Armes létales autonomes et intelligence artificielle à des fins militaires : plus de 200 entreprises et 2700 experts s’engagent

Armes létales autonomes et intelligence artificielle à des fins militaires : plus de 200 entreprises et 2700
Actu IA
NEUROn_P6230084

En parallèle de la 2018 International Joint Conference on Artificial Intelligence (IJCAI) à Stockholm, le Future of Life Institute a présenté une lettre ouverte sous forme d’engagement signée à ce jour par plus de 2 685 chercheurs, ingénieurs, scientifiques ou encore entrepreneurs auxquels s’ajoutent plus de 200 entreprises et organisations. Parmi les signataires, on retrouve les fondateurs de DeepMind Demis Hassabis, Shane Legg et Mustafa Suleyman, Stuart Russell, Yoshua Bengio, Toby Walsh, Jeffrey Dean, la Fondation XPRIZE, Snips, DataValoris, Jaan Tallinn, Max Tegmark, Elon Musk, Jean-Paul Delahaye de l’Université de Lille, Joël Colloc de l’Université du Havre, Viviane Baladi, Robin Lamarche-Perrin et Mehdi Khamassi du CNRS, Jean-Philipe Vert de Mines ParisTech et ENS Paris, Engelbert Mephu Nguifo de l’Université de Clermont-Auvergne, Martin Cooper de l’Université de Toulouse, A. Marco Saitta, Lionel Tabourier, François Bouchet, Guillaume Morel et Nicolas Bredeche de Sorbonne Université, Arnaud Lallouet de l’Université de Caen-Normandie ou encore Elli Zavou d’Inria – INSA Lyon.

Au total, les signataires viennent de plus de 90 pays différents et s’engagent contre les armes létales autonomes.

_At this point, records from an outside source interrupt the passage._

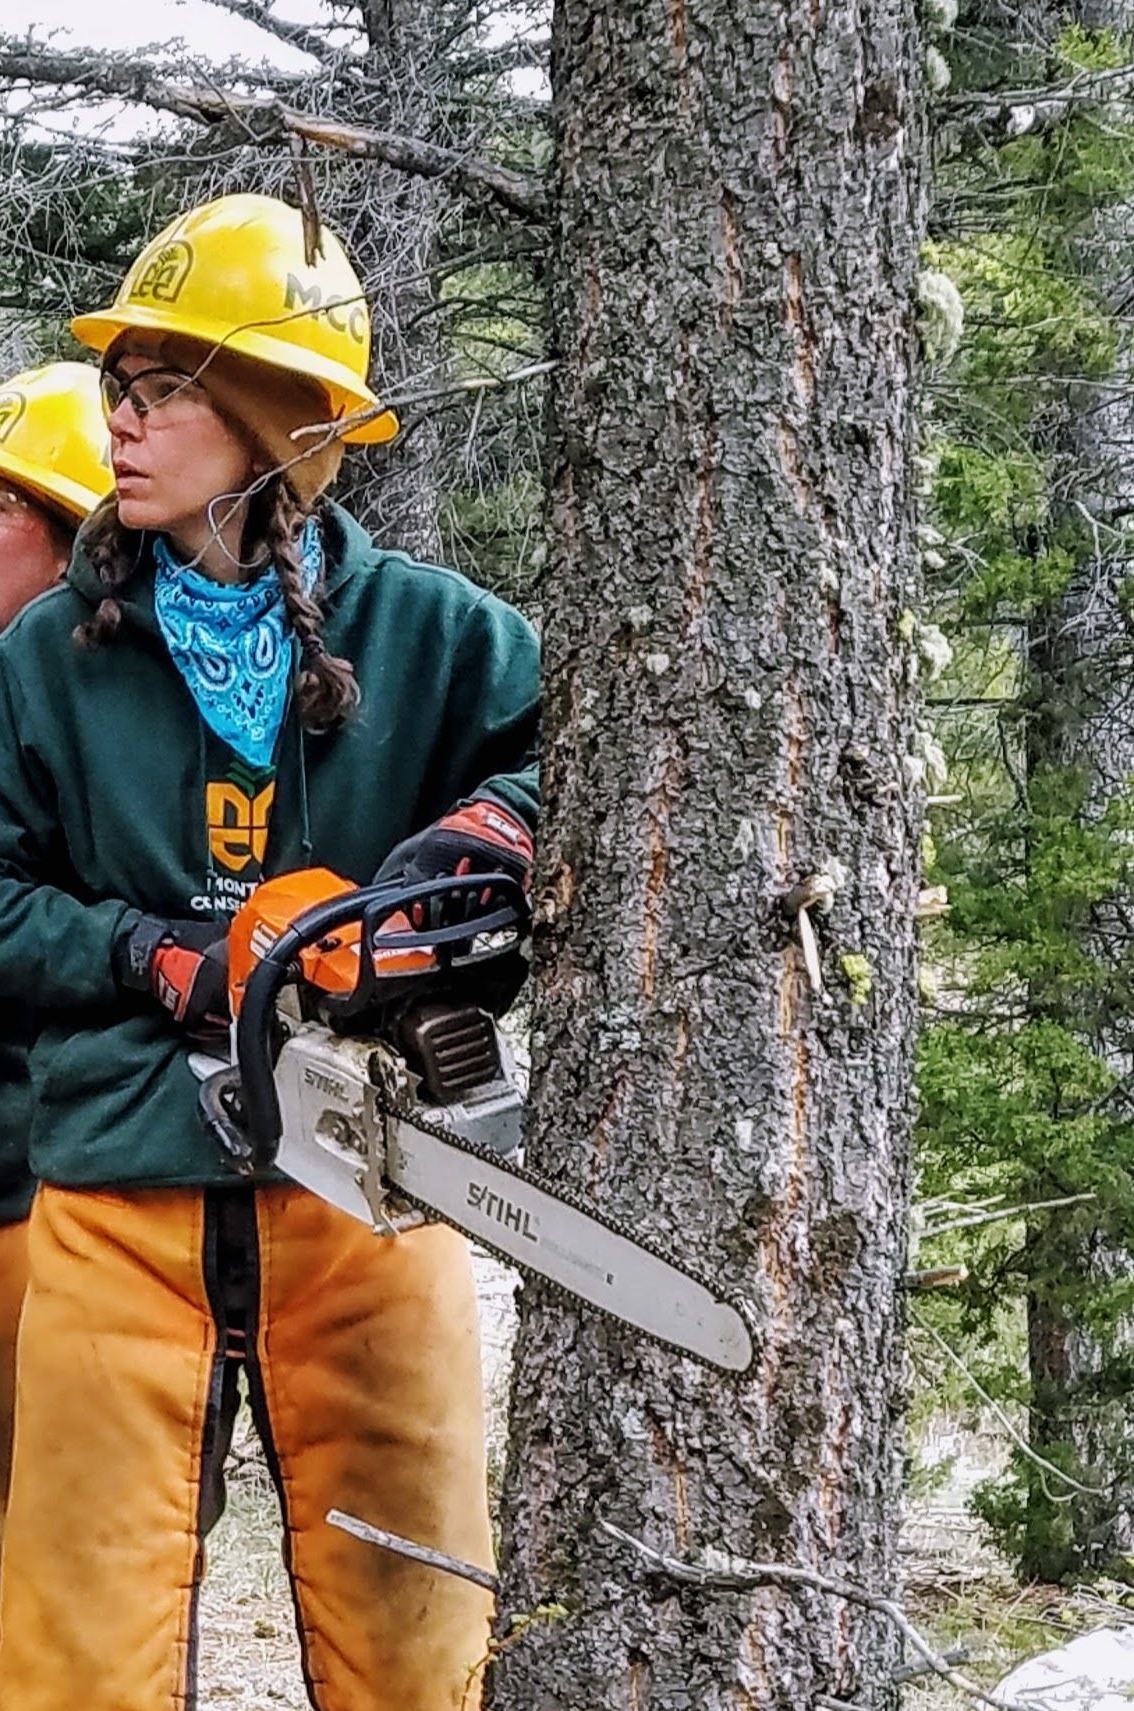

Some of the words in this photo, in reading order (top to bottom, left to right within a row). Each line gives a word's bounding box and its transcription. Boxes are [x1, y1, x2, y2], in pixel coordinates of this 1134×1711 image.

[206, 876, 262, 898] MONT
[304, 1068, 350, 1103] STIHL
[466, 1181, 539, 1243] STIHL
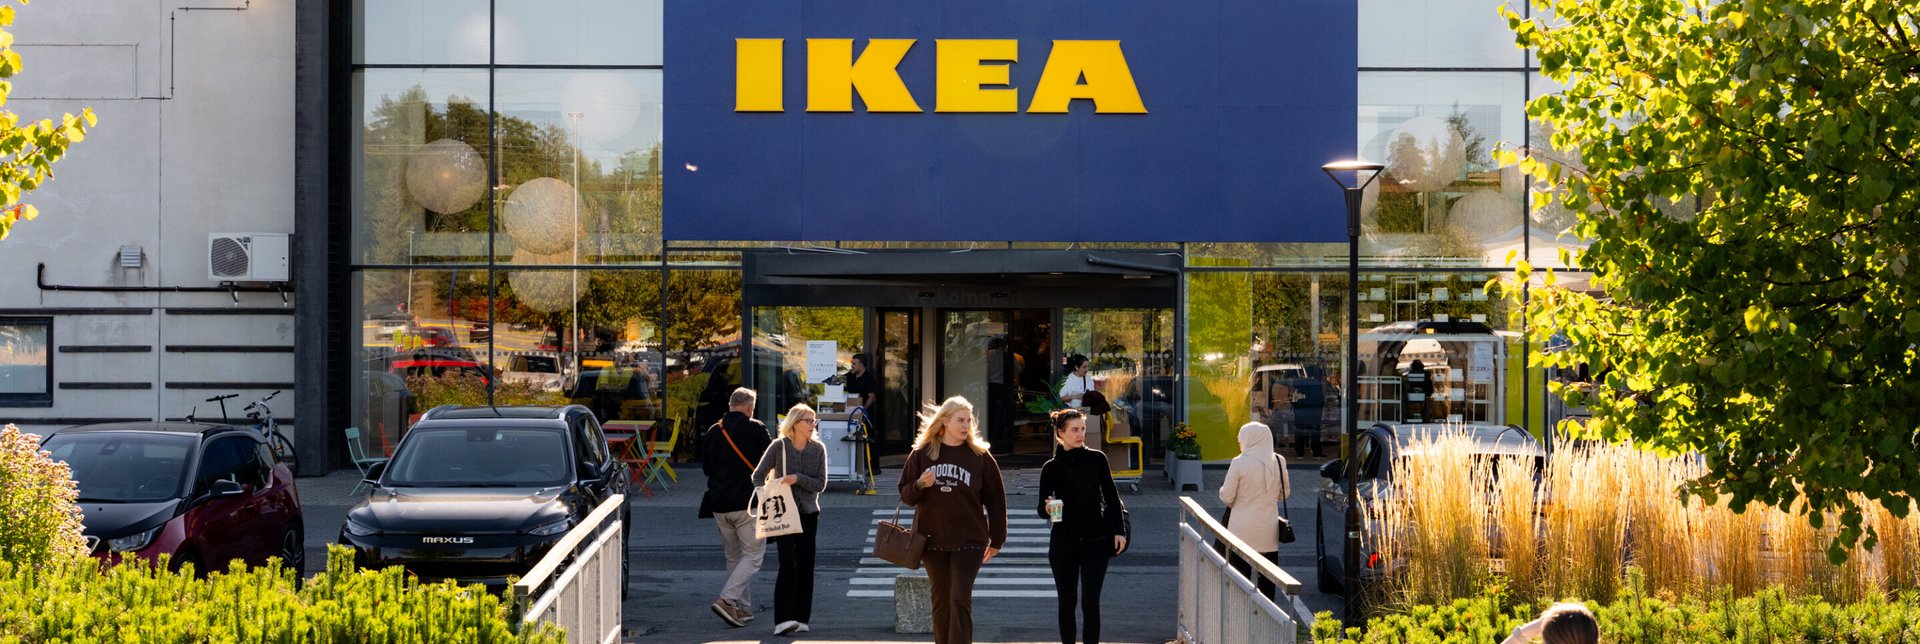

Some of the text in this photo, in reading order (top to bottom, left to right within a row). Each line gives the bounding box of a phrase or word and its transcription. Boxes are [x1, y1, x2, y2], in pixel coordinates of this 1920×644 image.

[734, 38, 1149, 113] IKEA
[925, 463, 971, 487] ROOKLYN
[422, 536, 474, 544] MAXUS

“L’intelligence artificielle (IA) est appelée à jouer un rôle croissant dans les systèmes militaires. Il existe une opportunité et une nécessité urgentes pour les citoyens, les décideurs politiques et les dirigeants de faire la distinction entre les utilisations acceptables et inacceptables de l’IA.

Dans cette optique, nous, les soussignés, sommes d’accord que la décision de prendre une vie humaine ne devrait jamais être déléguée à une machine. Il y a une composante morale à cette position, à savoir que nous ne devrions pas permettre aux machines de prendre des décisions de vie pour lesquelles d’autres – ou personne – ne seront coupables.

Il existe également un argument pragmatique puissant : des armes autonomes létales, la sélection et l’engagement de cibles sans intervention humaine, seraient dangereusement déstabilisantes pour chaque pays et chaque individu. Des milliers de chercheurs en IA s’accordent à dire qu’en supprimant le risque, l’imputabilité et la difficulté de tuer, des armes autonomes létales pourraient devenir de puissants instruments de violence et d’oppression, surtout lorsqu’elles sont liées à la surveillance et aux systèmes de données.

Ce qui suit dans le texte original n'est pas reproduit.